Ad Majorem Dei Gloriam
"For the Greater Glory of God"
Sic Deus Vult
"God wills it so"
Motto of the First Crusade
Religious affiliation(s) Roman Catholic, Jesuit
Patron saint(s) St. Ignatius of Loyola
St. Stanislaus Kostka
Established June 21, 1960; 57 years ago (June 21, 1960)
President Jeff Johnson
Principal Ken Lojo
Chaplain Tony Rauschuber
Faculty 100
Grades 912
Enrollment 1025[1]
Student to teacher ratio 10:1
Campus Urban
Campus size 52 acres
Color(s) Green and White          
Slogan "Magis"
Nickname Crusaders
Accreditation Southern Association of Colleges and Schools [2]
Average SAT scores 1670-2040 (mid 50%)[3]
Average ACT scores 26-31 (mid 50%)[4]
Publication Plume (literary magazine)
Newspaper Magis
Yearbook The Crusader
Tuition $19,900 (2017-2018 school year)
Carlos Setien's Untitled on Strake campus

Strake Jesuit College Preparatory ("Strake Jesuit" or "Strake") is a Jesuit, college-preparatory school for males, grades 9-12, in the Chinatown area and in the Greater Sharpstown district of Houston, Texas.[5] It is located in proximity to Alief.[6]

With over 1000 students, it is the largest Catholic high school in Houston.
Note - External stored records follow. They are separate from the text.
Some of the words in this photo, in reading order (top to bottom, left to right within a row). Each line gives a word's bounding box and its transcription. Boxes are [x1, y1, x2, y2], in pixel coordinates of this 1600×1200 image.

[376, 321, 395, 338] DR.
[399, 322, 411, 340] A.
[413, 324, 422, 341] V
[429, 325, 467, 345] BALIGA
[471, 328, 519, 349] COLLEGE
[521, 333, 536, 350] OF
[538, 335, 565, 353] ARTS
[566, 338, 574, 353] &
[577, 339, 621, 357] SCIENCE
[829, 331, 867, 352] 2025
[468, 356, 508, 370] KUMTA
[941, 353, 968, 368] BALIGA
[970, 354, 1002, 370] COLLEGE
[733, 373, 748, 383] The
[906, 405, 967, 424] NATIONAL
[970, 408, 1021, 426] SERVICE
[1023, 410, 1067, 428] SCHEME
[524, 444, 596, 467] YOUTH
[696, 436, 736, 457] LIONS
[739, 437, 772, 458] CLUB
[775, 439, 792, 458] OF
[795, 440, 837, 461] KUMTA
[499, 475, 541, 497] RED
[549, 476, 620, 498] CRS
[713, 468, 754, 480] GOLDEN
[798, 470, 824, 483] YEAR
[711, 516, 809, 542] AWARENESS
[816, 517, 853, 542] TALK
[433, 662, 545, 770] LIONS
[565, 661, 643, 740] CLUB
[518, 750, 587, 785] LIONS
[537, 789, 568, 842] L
It boasts such a large collection of art installed around the campus, both inside and out, that the City of Houston has classified the campus as an art museum,[7] for which the school maintains a full-time curator. The school is located within the Roman Catholic Archdiocese of Galveston-Houston. It is one of only two private schools in Texas that are members of the University Interscholastic League (the other being Dallas Jesuit), which allows it to compete athletically against the largest public schools.


The school was founded by Father Michael Kenelley, S.J.,[8][9] on June 21, 1960, in what was then the undeveloped, west side of Houston.
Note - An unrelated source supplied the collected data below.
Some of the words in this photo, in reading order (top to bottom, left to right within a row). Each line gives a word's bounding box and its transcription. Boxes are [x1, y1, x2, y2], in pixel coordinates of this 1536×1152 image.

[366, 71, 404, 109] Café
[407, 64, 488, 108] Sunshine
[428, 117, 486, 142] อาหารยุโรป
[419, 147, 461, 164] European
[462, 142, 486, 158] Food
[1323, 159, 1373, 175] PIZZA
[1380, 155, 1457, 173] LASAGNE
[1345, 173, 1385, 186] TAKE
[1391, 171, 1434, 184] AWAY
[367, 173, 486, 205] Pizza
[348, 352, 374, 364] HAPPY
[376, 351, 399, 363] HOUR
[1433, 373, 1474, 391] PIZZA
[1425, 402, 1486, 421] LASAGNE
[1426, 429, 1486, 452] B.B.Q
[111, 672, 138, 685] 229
During a three-year period until 1993, the number of applications submitted to Strake Jesuit doubled. Fr. Brian Zinnamon, the school President, said during the year that there were two times the number of applicants compared to available spots. At the time, tuition was $4,700 per year, described by Stephanie Asin of the Houston Chronicle as being steep.[6] Father Zinnamon said, "Certainly what is going on in the public schools is a factor. Parents are choosing a safe environment where they know their children are getting Christian values."[6]

In 2017 Niche ranked Strake second among Catholic High schools in Texas, along with the comment: "Challenging academic program supplemented by excellent arts and strong athletics produces well rounded students. The faculty and staff here genuinely care about these students as individuals and their holistic development."[10]


The "Fighting Crusaders" were one of many Catholic high schools that originally competed in the now defunct T.C.I.L. (Texas Christian Interscholastic League).[11] The league began in 1935 under the direction of Albert Mitchell (then principal of Central Catholic, San Antonio). Strake Jesuit's last year of competition in the T.C.I.L. concluded when the league came to a close in the 1999-2000 athletic season with the baseball team capturing the final T.C.I.L. State Championship in any sport.[citation needed] After T.C.I.L. merged with TAPPS, both Strake Jesuit and Dallas Jesuit were not permitted to join as TAPPS believed those two schools were too powerful.[11] From the fall of 2000 to the spring of 2003, the Crusaders competed as an independent in all sports.

They were admitted into the University Interscholastic League (U.I.L.), the public school athletic league, partly due to the efforts of Joe Nixon, a member of the Texas House of Representatives.[11] After its admission into the U.I.L., Strake began competing in its listed district of 19-5A in the fall of 2003. The Crusader's own numerous district, regional and state championships in their various sports that date back from over the past 50 years in its old league. The Crusaders also won several district and regional championships along with a state championship, state runners-up, and state semi-finalists within the past eight years in the U.I.L. The "Fighting Crusaders" athletic department provides 13 different programs which include: baseball, basketball, cross-country, football, golf, lacrosse, rugby, soccer, swimming & diving, tennis, track & field, water polo, and wrestling.[citation needed]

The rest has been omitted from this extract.